Amniotic fluid embolism was first identified in 1926, but it still isn't fully understood today.

AFE is rare, unpredictable and unpreventable, accounting for between 5 and 10 percent of maternal mortality in the United States, and is likely triggered when amniotic fluid enters the bloodstream. However, by no means every woman who gets amniotic fluid in her bloodstream suffers an AFE.

Some estimates have AFE occurring anywhere from 1 birth in 8,000 to 1 in 30,000, with mortality running as high as 80 percent. Many women who survive AFE suffer life-altering brain damage.

A study published in the American Journal of Obstetrics & Gynecology in 2008 found AFE occuring in about 7.7 of every 100,000 births -- that's about 1 in 13,000 births, which makes it a rare event -- and still killing more than one in five mothers it strikes.

The authors of the AJOG article found associations between AFE and mothers older than 35, Caesarean births and "placental pathologies" like placenta previa, in which the placenta attaches low in the uterus, where it can cause hemorrhaging and other complications during a pregnancy.

However, the study did not find an association with artificial induction -- the use of drugs like Pitocin to start or hurry up labor.

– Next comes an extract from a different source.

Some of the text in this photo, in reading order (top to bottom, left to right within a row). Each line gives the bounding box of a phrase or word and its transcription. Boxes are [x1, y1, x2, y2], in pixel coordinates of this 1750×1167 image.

AFE displays a cascade of symptoms that can include cardiac arrest and disseminated intravascular coagulation, or DIC for short. During a DIC, a person's clotting factor is deployed all at once, after which hemorrhage can ensue. A mother can die from these events and so can a baby who is still in the womb -- the saddest birth story of all.

A change of course

Robbie and Susan Goodrich had been married three years when she died of an amniotic fluid embolism during the birth of her son Charles Moses last year.

The couple had been full of plans. Robbie would ramp up his career so that Susan could scale hers back to spend more time with the children. Now he's going back to work after a year's leave of absence, as a single father.

Moses Goodrich

Moses Goodrich

During a phone interview, Goodrich said, "I'm throwing myself into my work, so I can go home and be with the kids."

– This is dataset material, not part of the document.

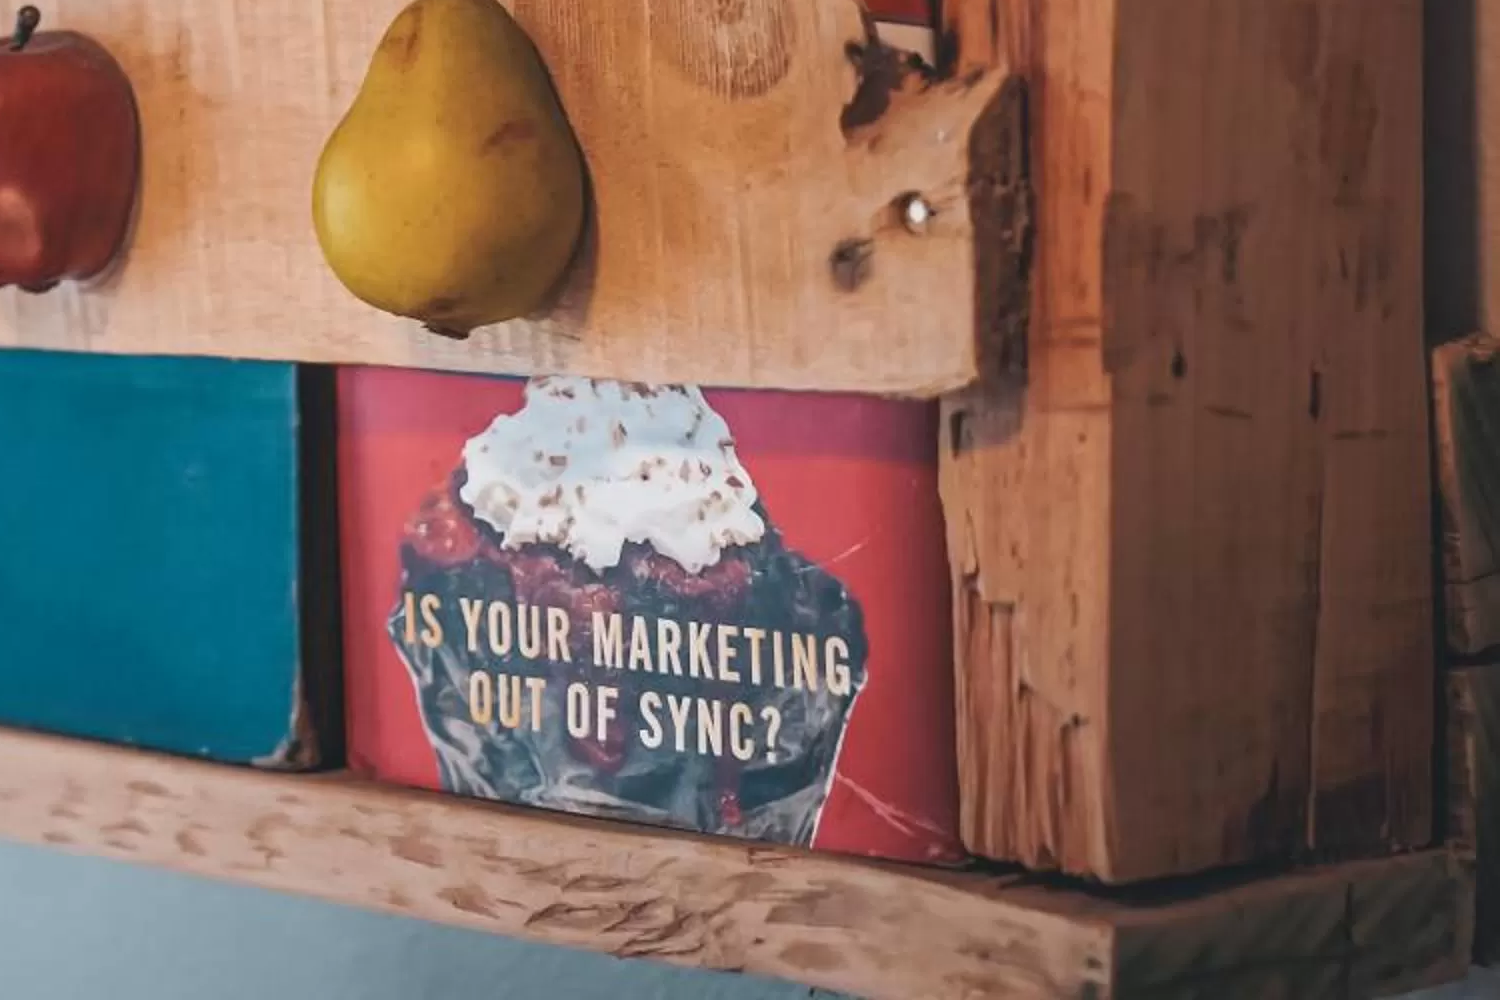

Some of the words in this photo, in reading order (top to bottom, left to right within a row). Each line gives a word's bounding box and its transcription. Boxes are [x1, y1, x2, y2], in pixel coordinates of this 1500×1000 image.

Goodrich said, "I have to re-invent myself as a widower, with two kids in diapers. I'll do what has to be done to put bread on the table, but it's just me now.

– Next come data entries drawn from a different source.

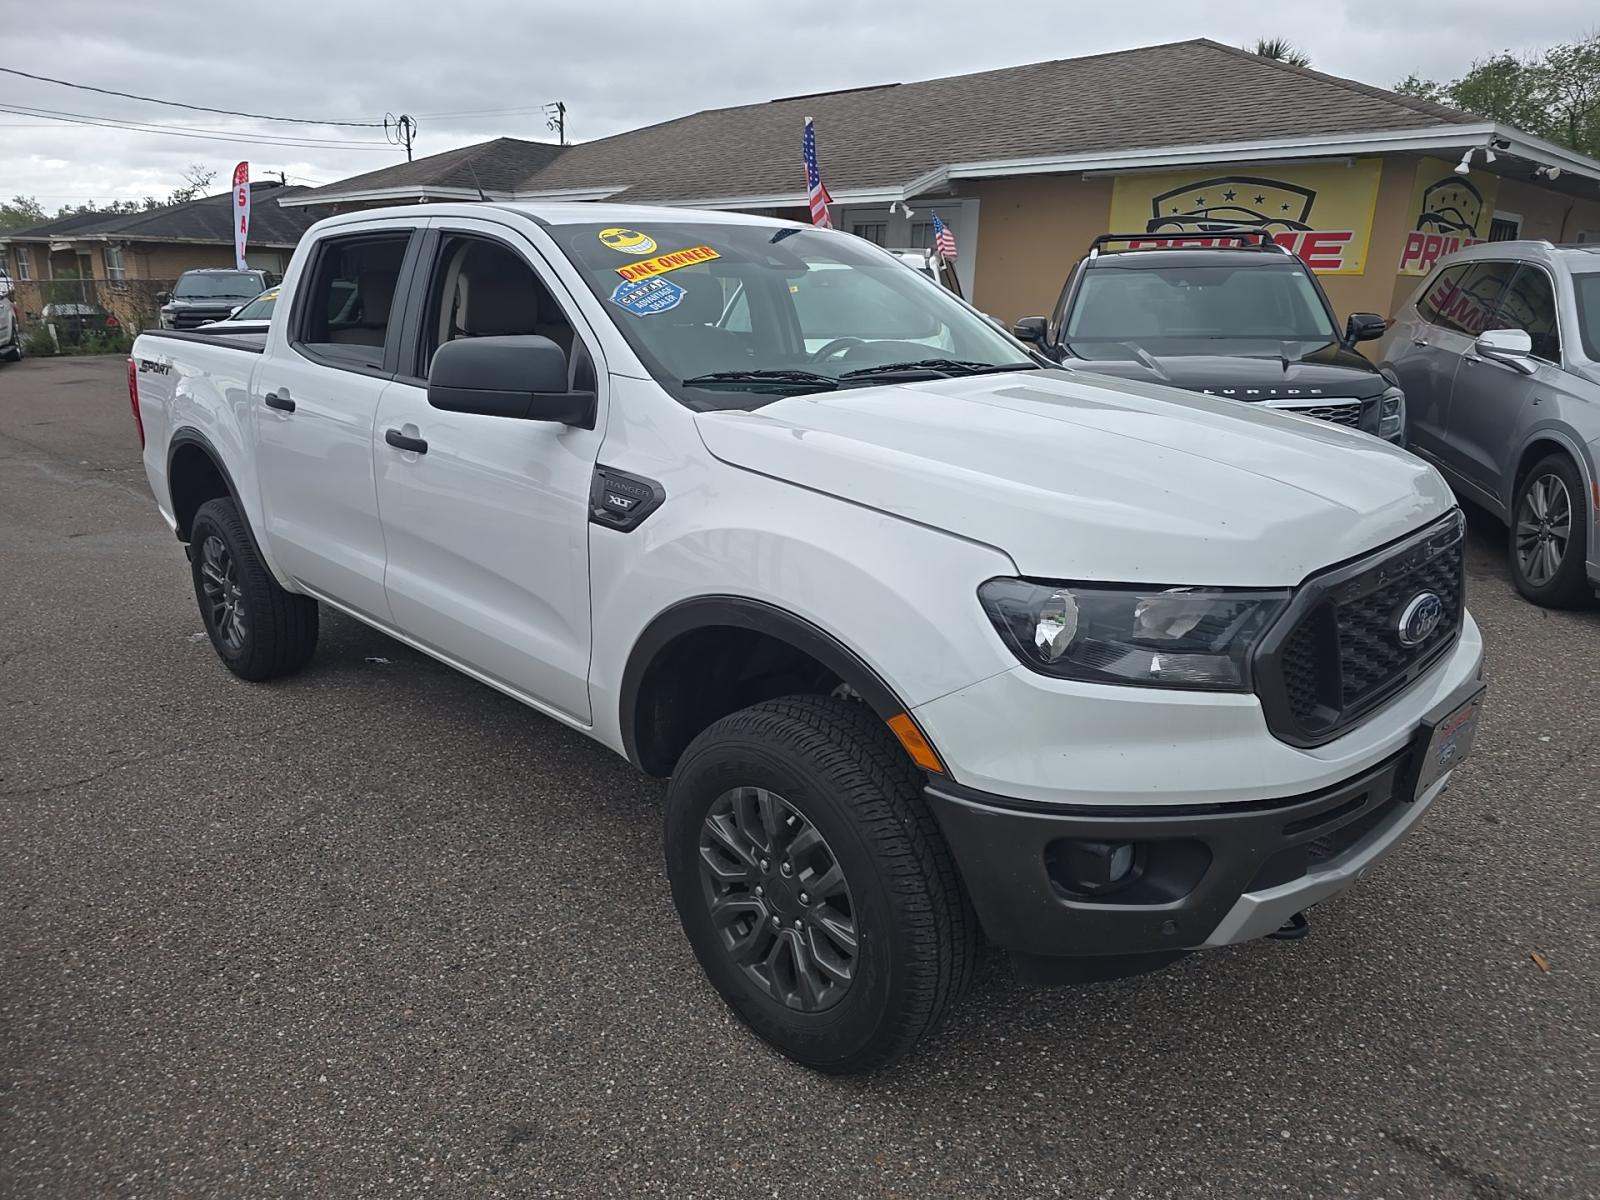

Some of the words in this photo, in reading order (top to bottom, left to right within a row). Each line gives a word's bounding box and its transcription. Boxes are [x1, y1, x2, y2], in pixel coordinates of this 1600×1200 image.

[238, 187, 247, 260] SAL
[619, 261, 657, 280] ONE
[657, 246, 715, 268] OWNER
[1400, 232, 1488, 270] PRI
[622, 279, 668, 305] CARFAX
[634, 286, 675, 309] ADVANTAGE
[648, 294, 678, 311] DEALER
[139, 359, 172, 375] SPORT
[608, 495, 632, 508] XLT

"I know that the process isn't over. I have to do everything that has to be done emotionally to deal with the loss of Susan. I have to accept that it won't be the same me or the same life," he said.

On Dec. 6, Moses took his first steps.

On Dec. 10, the family celebrated Susan's birthday the way they usually had. They cut down a tree for Christmas, went snowshoeing, made Susan's favorite tapas.

"We celebrate her birthday. Her death day coincides with Moses' birthday but we celebrate Moses and the life that she gave on that day.  We celebrate who she was and how she lived and not the accident of her death," Goodrich said. "Though that's easier to say than to do."